Top of SOURCE INFORMATION

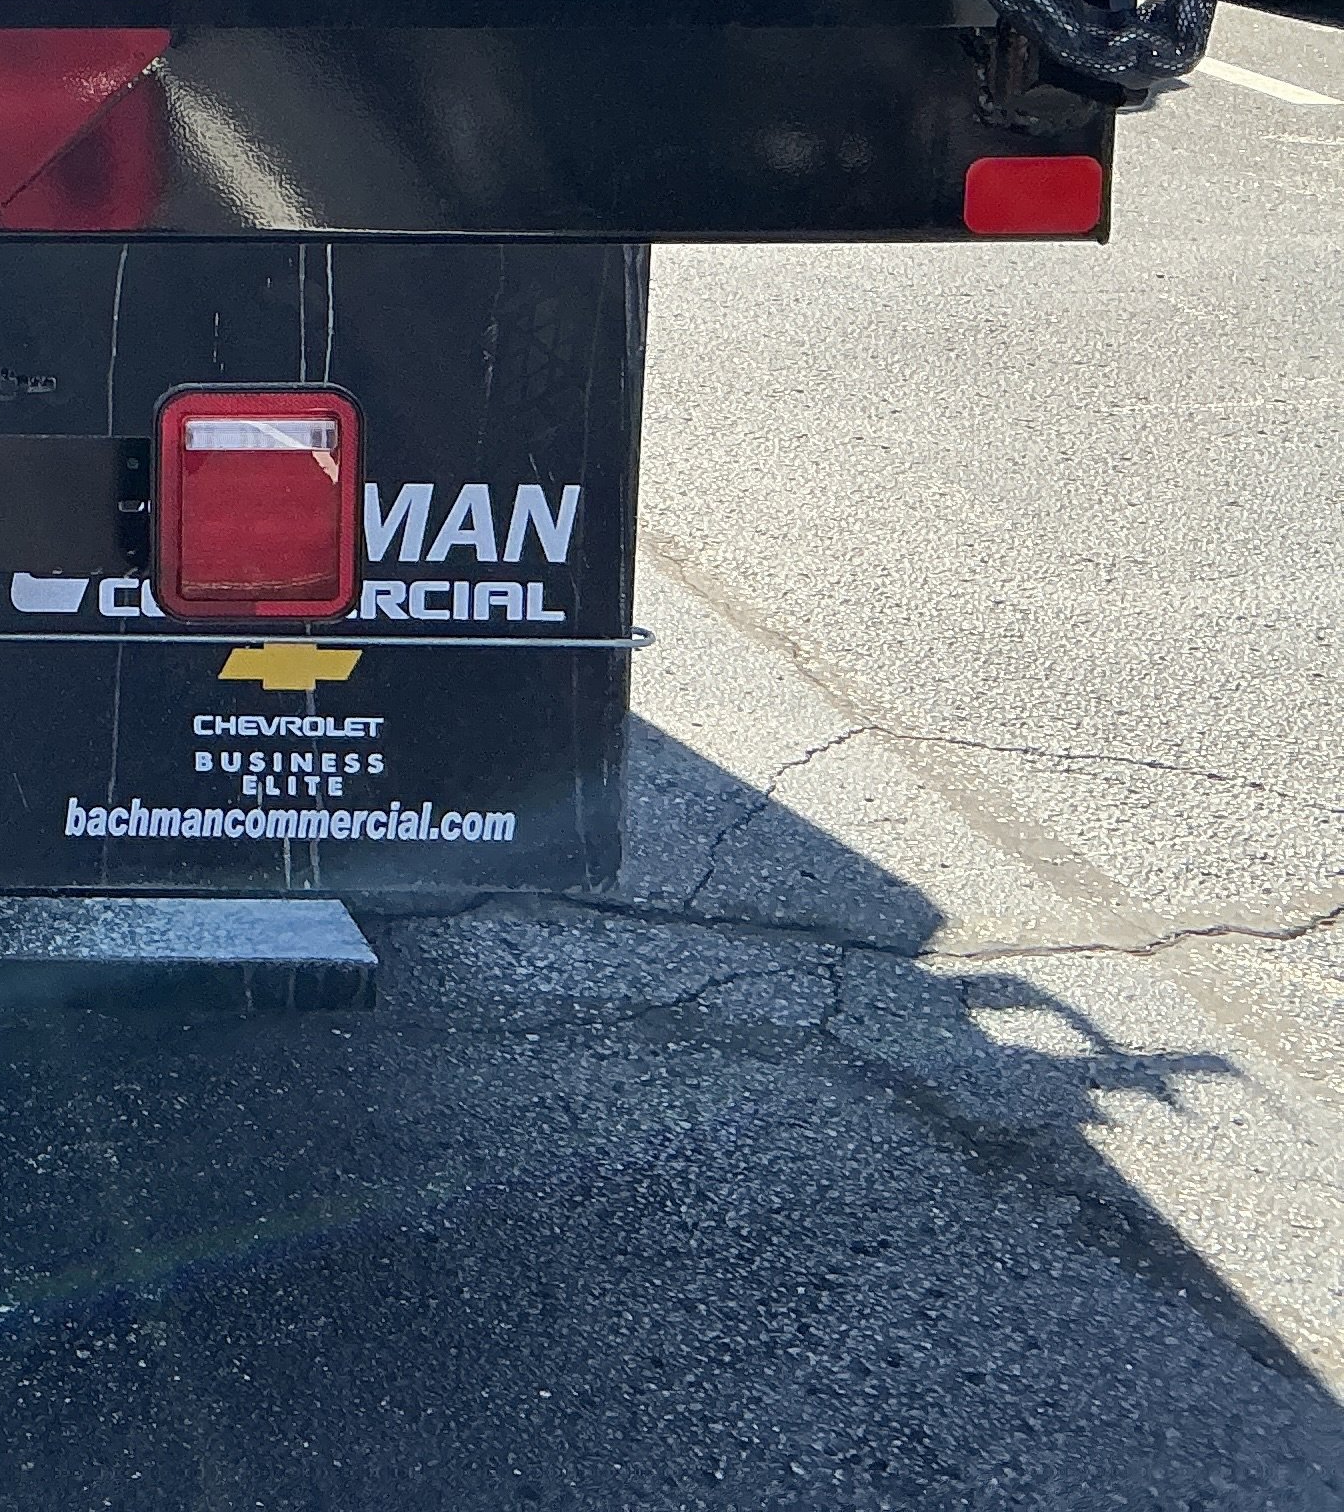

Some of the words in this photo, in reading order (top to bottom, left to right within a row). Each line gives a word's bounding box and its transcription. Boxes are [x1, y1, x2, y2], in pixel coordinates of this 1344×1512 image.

[98, 577, 567, 621] CRCIAL
[193, 714, 385, 738] CHEVROLET
[194, 751, 385, 774] BUSINESS
[242, 774, 344, 797] ELITE
[64, 798, 516, 841] bachmancommercial.com

Bottom of SOURCE INFORMATION

▶ PROBLEM
Copy the material shown above in full and exactly. Skip the pictures.

▶ RESULT OF THE EXERCISE
Some of the words in this photo, in reading order (top to bottom, left to right within a row). Each line gives a word's bounding box and its transcription. Boxes are [x1, y1, x2, y2], in pixel coordinates of this 1344×1512 image.

[98, 577, 567, 621] CRCIAL
[193, 714, 385, 738] CHEVROLET
[194, 751, 385, 774] BUSINESS
[242, 774, 344, 797] ELITE
[64, 798, 516, 841] bachmancommercial.com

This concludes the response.